I'm afraid to look at her face and see what it's lost — that youthful smiling woman. Does she still have those beautiful arching lines at the edges of her lips? She must, but I can't remember the last time I looked at her properly. How can that be? How can I have been here in this room beside her for more than seven weeks and not really looked, not memorised every small feature that matters when they're gone?
Starting at her wrist, I make my way up her withered limb, wincing as I rest my gaze at her shoulder. The clavicle juts out obscenely from her papery flesh.
I take a deep breath and stare into her eyes. She stares back. Her sage-green eyes are open, and she sees me. A lip twitches and I see those lines are still there, still graceful and seductive.
"Sandra? Are you … Are you awake? I'm so glad to see you, love. We miss you so much. I'll wake David."
She shakes her head slightly and beckons me over with a slow movement of her chin. The rest of her doesn't seem able to respond.
I walk quickly over to her, bending down to kiss and hug her. She makes a noise, a kind of groan that becomes a rattling cough, and I look up.
"What is it? What can I do?"
Her lips are moving, but there are no words. I come closer to listen, angling my damaged ear towards her.
It's a jumble of urgent words coated in strange rasping noises, pushed out of her in a final forced desire to make me understand. Nodding helplessly, I want to understand but I'm at a loss. I move back, clutching her hand and peering carefully at her.
Suddenly I can hear what she's saying, or discern the meaning in the dry, scratching sounds she's making.
"Don't let him down, take care of him. I have to go now. I'll see you both again. I love you. Open the window for me. Keep it open."
She closes her eyes then, her body slumped, sinking back into the hard bed. There are no more sounds. My wife's face has become a smooth shell.
I stumble blindly to the window, tears streaming freely as I push it open and rest my forehead on the cool metal of the window sill. It's over and she's gone. What do I do now? What will we do?
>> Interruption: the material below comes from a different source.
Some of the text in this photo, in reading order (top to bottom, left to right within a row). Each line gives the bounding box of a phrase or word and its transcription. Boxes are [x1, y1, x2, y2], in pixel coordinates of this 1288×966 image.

There's a sound like tearing tissue paper behind me and I turn around, wiping my eyes with a sleeve.
A plump, healthy arm emerges from Sandra's skin. Then a leg, shapely and toned; followed by another arm. The bed shakes vigorously for a few seconds, and then she's free. What's left of my wife resembles a discarded suit, flaccid and benign. Perched on top of it, naked and shivering, is another Sandra — as she was when we first met.
I fall into the seat next to my son as she climbs over the metal railing of the gurney and steps briskly to the window. A glance is all she gives me as she climbs up and crouches on the ledge. I stare in disbelief, or wild, hopeful delight, as deep grooves are carved either side of her spine. They spread under her shoulder blades, lifting them out and away from her body. Elongating and growing thinner, they no longer resemble flesh and bone and skin. Her wings are membranous and moist, drying swiftly as she flitters them in the warm air.
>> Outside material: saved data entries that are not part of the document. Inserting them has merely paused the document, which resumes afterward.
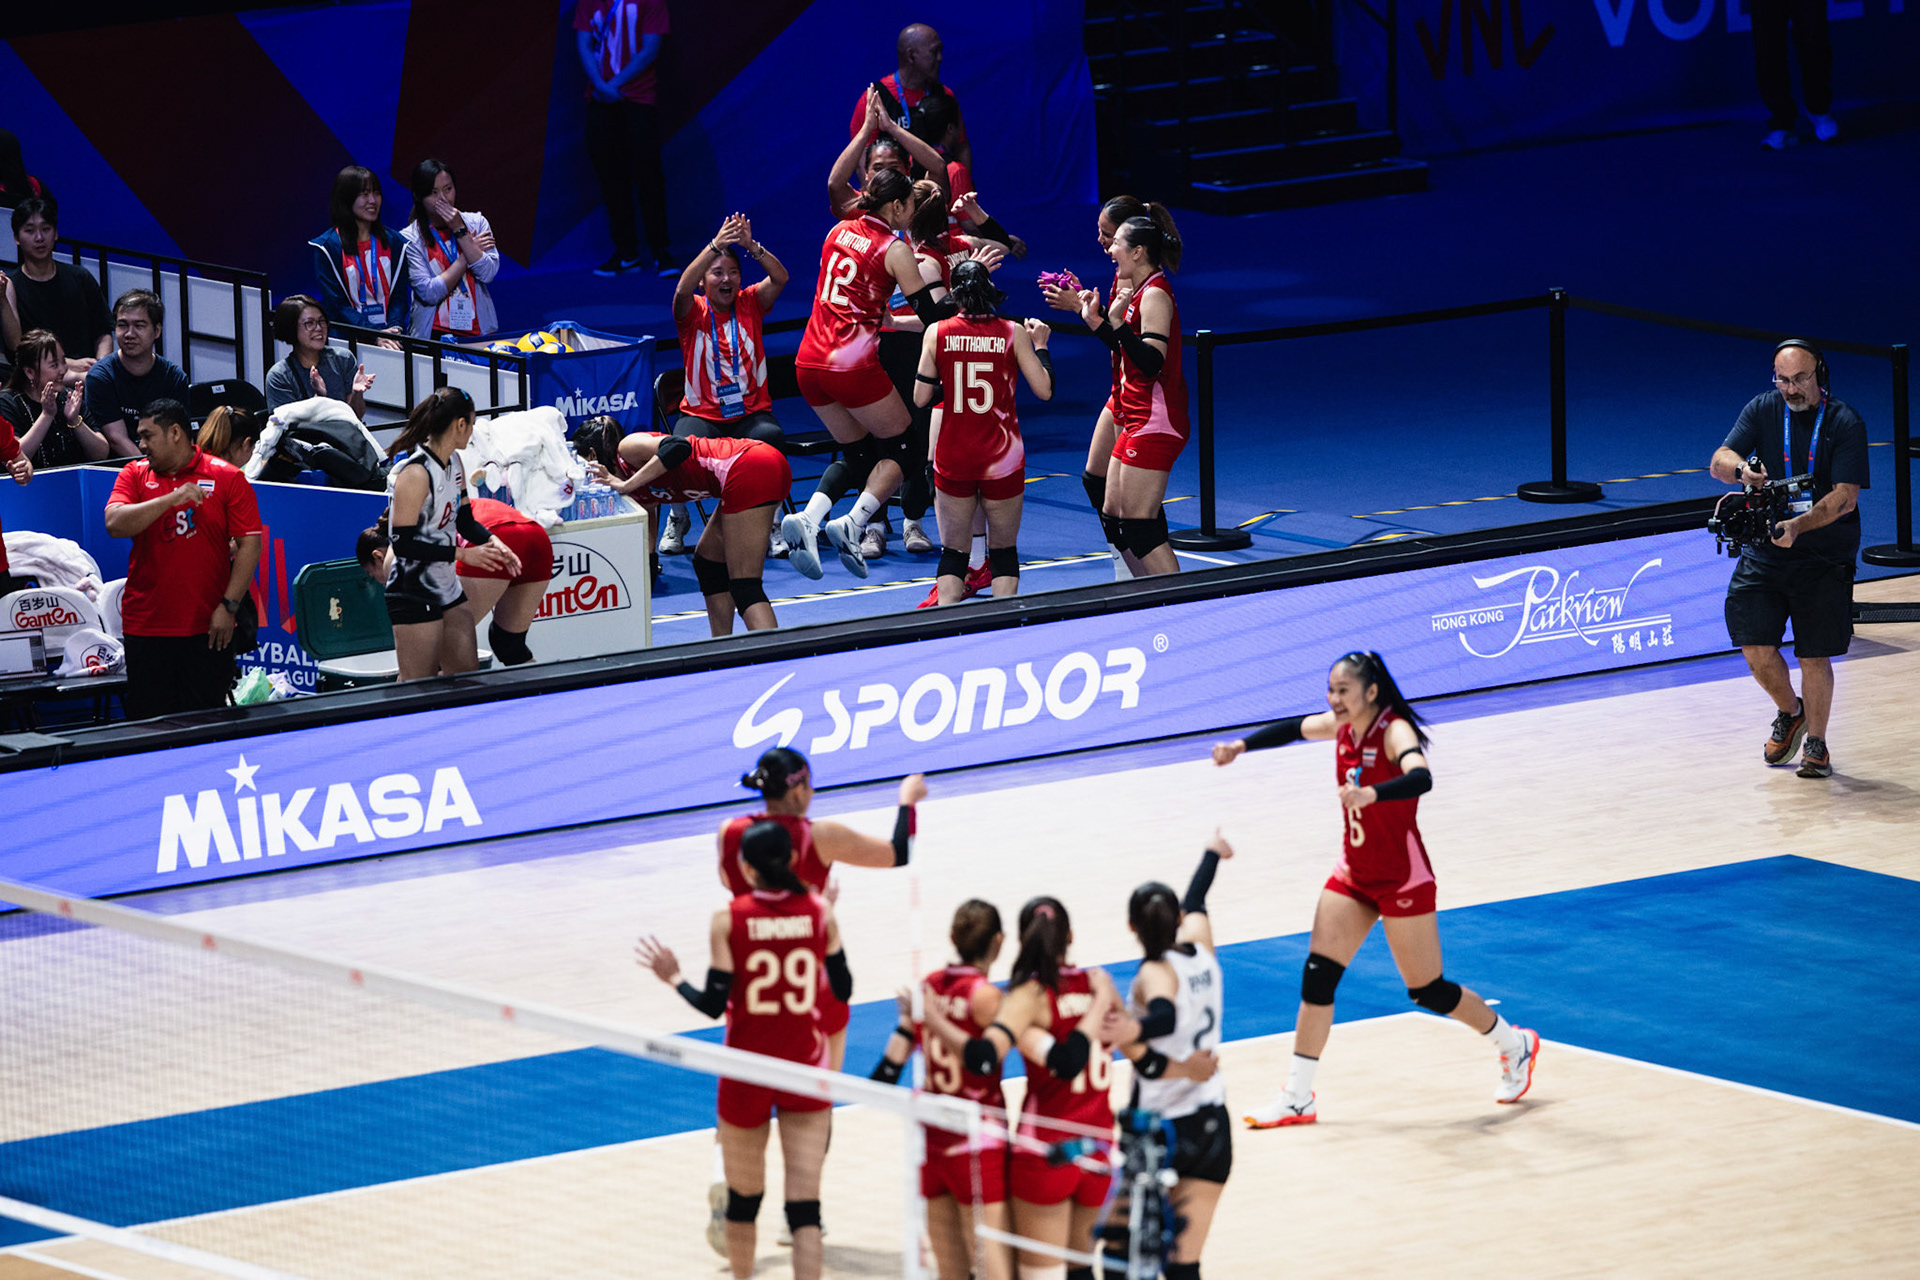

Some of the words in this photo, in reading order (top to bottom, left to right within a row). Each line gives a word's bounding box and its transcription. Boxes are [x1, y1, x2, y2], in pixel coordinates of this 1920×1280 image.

[820, 251, 859, 307] 12
[953, 361, 995, 415] 15
[19, 596, 60, 612] 百岁山
[1431, 616, 1468, 632] HONG
[1469, 610, 1505, 627] KONG
[810, 646, 1147, 755] SPONSOR
[157, 753, 484, 874] MIKASA
[746, 947, 817, 1015] 29
[1193, 1005, 1216, 1051] 2
She stretches them about her and looks over her shoulder at me, saying something I can't quite hear, before lunging forwards and out into the night. And she's gone.
I blink rapidly, forcefully. Each breath is crystal clear, filling my tingling chest. My entire body is tingling and alive. Is this what she feels now? Like new? What just happened?
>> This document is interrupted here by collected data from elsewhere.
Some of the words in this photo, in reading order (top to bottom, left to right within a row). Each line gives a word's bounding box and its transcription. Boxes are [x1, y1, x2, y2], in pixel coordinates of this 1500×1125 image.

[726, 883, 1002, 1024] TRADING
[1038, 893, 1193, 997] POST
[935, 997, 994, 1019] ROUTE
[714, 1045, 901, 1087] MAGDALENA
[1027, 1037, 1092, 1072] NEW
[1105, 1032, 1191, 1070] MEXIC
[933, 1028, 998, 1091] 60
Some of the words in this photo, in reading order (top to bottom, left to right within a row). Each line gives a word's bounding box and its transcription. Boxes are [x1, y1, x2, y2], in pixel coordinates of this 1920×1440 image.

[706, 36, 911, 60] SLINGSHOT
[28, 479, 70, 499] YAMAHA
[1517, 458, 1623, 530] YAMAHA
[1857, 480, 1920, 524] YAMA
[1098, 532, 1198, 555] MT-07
How can that be real? What's left of the woman I knew is right there on the hospital bed. It is real and I am here. She has moved on.
I grin then and laugh out loud. I cackle in the way I remember Sandra laughing when this began. It feels wonderful. I'm a child again, and the world is full of mystery and promise.
Turning to look at our son asleep, I reach out and stroke his hair. The still-whole cicada jacket lies inside the pill container in my pocket. Taking it out, I place it on his now-open palm and sink back into my chair.
Keep it open, she said. That's what it was — keep the window open.
I fall asleep then, tumbling into a deep and restful place where anything can become something more, and what is broken can always be repaired.